Food Name: Kidney Beans
Nutritional Information: Like other beans and legumes, kidney beans strengthen the kidneys and adrenal glands and therefore promote physical growth and development. As does the protein in meat, bean protein builds body mass; but unlike meat, beans don't add cholesterol, saturated fat, or toxic nitrogen byproducts. A stick-to-the-ribs filling food, beans are more "grounding" than a salad.
A bean's color indicates the organ it most benefits, and thus, you can remember that kidney beans are good for the heart because of their red color. Beans reduce the levels of serum cholesterol and so offer some protection against heart disease. They are a superior carbohydrate for people with diabetes or blood sugar imbalances, since they are slowly digested and cause only a gradual rise in blood sugar levels. The phytochemical diosgenin, which appears to inhibit cancer cells from multiplying, is found in beans. Furthermore, kidney beans are low in Saturated Fat, Sodium, and Cholesterol and a good source of Vitamin B6, Pantothenic Acid, Iron, Magnesium, Phosphorus and Potassium, and a very good source of Protein, Vitamin C, Thiamin, Riboflavin, Niacin, Folate, Copper and Manganese.
This link has very interesting information on benefits of kidney beans: http://herbpathy.com/Uses-and-Benefits-of-Kidney-Beans-Cid3035
Storage Information: see general bean info.
Food Fun Facts: The kidney bean with its dark red skin is named for its visual resemblance to a kidney. The kidney bean is also known as the red bean, and an integral part of the cuisine in northern region of India. Sometimes kidney beans are used in the red beans and rice of Louisiana Creole cuisine. Small kidney beans used in Rioja, Spain, are called Caparrone. In India the kidney bean is called “Rajma dal”.
Simple From Scratch:
Easy Vegetarian Chili
4 cups cooked kidney beans or half/half kidney and black, pinto or other beans of choice
2 cups diced tomatoes
1/2 onion, diced
3 cloves garlic, minced
1 bell pepper, diced (any color)
2 tbsp olive oil
3 tbsp vegetable broth
2 tbsp chili powder
1/2 tsp salt
1/2 tsp pepper
dash cayenne pepper (optional)
dash red pepper flakes (optional)
1/2 cup vegetable protein (optional) + 1/2 cup water (optional)
In a medium to large soup pot, sautee the onion, bell pepper and garlic in the olive oil. Add vegetable broth, tomatoes, chili powder and stir. Reduce heat to medium low and add beans. Stir occasionally and cook for at least 20 minutes. If adding optional vegetable protein and water, you will need 10 more minutes before done cooking. Of course, the longer you cook chili the better, but if you're pressed for time, 20 minutes is fine. For a spicier chili, add extra cayenne and red pepper flakes. Makes 6 servings.
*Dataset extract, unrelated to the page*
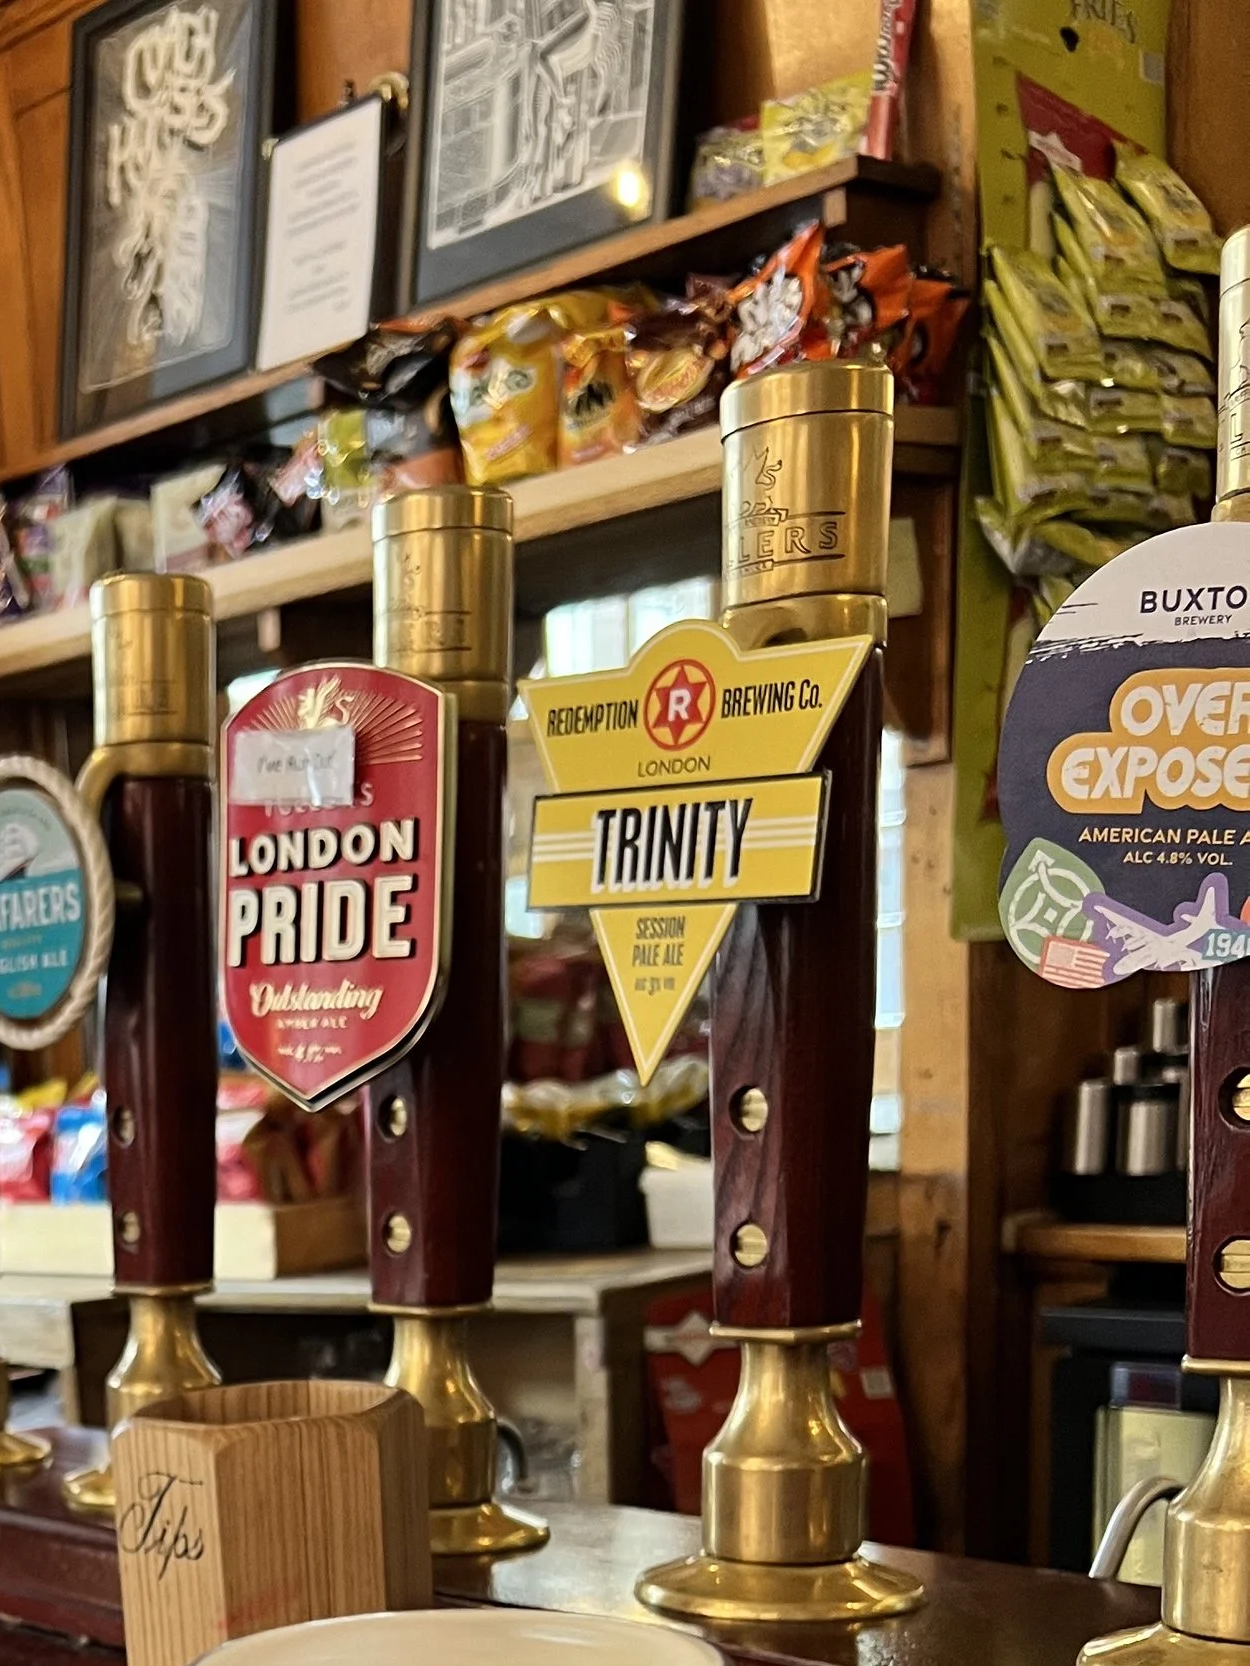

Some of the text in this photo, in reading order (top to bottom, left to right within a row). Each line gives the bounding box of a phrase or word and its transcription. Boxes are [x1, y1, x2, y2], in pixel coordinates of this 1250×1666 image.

“Rajma” Red Bean Curry Recipe
4 cups cooked red kidney beans
2 tbsp cooking oil
1 tsp cumin seeds
2 medium-sized onions chopped fine
2" piece of ginger diced
5 cloves of garlic minced
2 large tomatoes chopped into 1" cubes
2 tsps coriander powder
1 tsp cumin powder
1/4 tsp turmeric powder
optional: Salt to taste, Chopped coriander (cilantro) to garnish
Heat 2 tbsp oil in a deep pan and add 1 tsp cumin seeds. When they stop sizzling, add chopped onion and fry till soft. Add diced ginger and garlic and fry for 2 minutes. Add the tomatoes, coriander, cumin, and turmeric and fry 2 minutes. Add 4 cups beans, 4 cups of warm water. Cook till beans are soft (approx. 10 mins). Mash some of the beans roughly (this thickens the gravy). Add salt to taste. Garnish with coriander and serve piping hot with plain rice or other grain.
Carrot Spread with Curry and Cumin
I used to bring this to pot-lucks and it was a huge hit. It's a vegetarian "pate." Try on pita bread or some freshly toasted biodynamic bread or whatever you like. The recipe asks for white kidney beans but can try with red ones or perhaps with another kind of white bean and let us know how it comes out!
1/4 c. chopped onion
1 clove garlic, chopped
4 T. olive oil
1 t. curry powder
1/2 t. ground cumin
1 c. cooked sliced carrots
1/3 c. cooked kidney beans
1/4 t salt
In a skillet, combine onion, garlic and 2 T. olive oil; cook over medium-low heat until golden; add curry powder and cumin and cook for 1 min longer. In a food processor, puree the onion mixture with the carrots and kidney beans. With motor running, gradually add remaining 2 T. of olive oil, adding salt to taste.
Once you know how you like it, try doubling or tripling the recipe.